[Data for processing Boundary: Start]

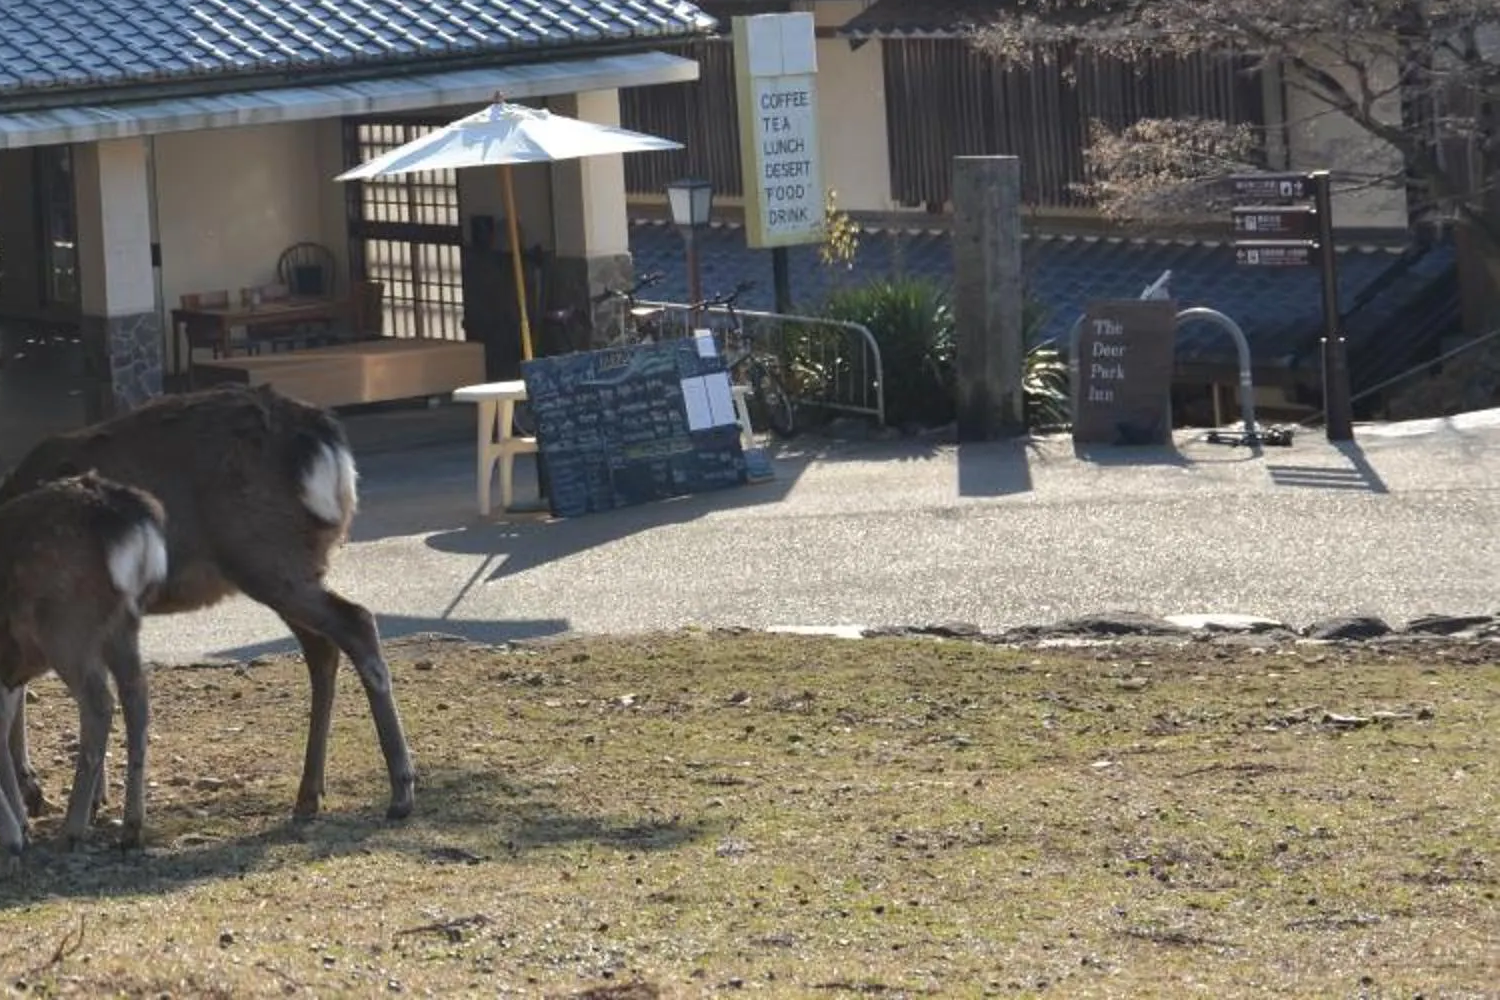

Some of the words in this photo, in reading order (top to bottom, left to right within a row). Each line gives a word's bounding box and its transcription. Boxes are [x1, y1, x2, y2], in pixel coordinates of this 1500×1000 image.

[761, 91, 810, 110] COFFEE
[762, 116, 792, 132] TEA
[763, 138, 805, 156] LUNCH
[765, 161, 811, 179] DESERT
[769, 207, 810, 226] DRINK
[1092, 319, 1124, 336] The
[1092, 341, 1127, 357] Deer
[1090, 363, 1125, 380] Park
[1088, 384, 1115, 402] Inn

[Data for processing Boundary: End]

• **Problem statement**: Each entry is to be output exactly, and no picture is to appear.

• **Task output**:
Some of the words in this photo, in reading order (top to bottom, left to right within a row). Each line gives a word's bounding box and its transcription. Boxes are [x1, y1, x2, y2], in pixel coordinates of this 1500×1000 image.

[761, 91, 810, 110] COFFEE
[762, 116, 792, 132] TEA
[763, 138, 805, 156] LUNCH
[765, 161, 811, 179] DESERT
[769, 207, 810, 226] DRINK
[1092, 319, 1124, 336] The
[1092, 341, 1127, 357] Deer
[1090, 363, 1125, 380] Park
[1088, 384, 1115, 402] Inn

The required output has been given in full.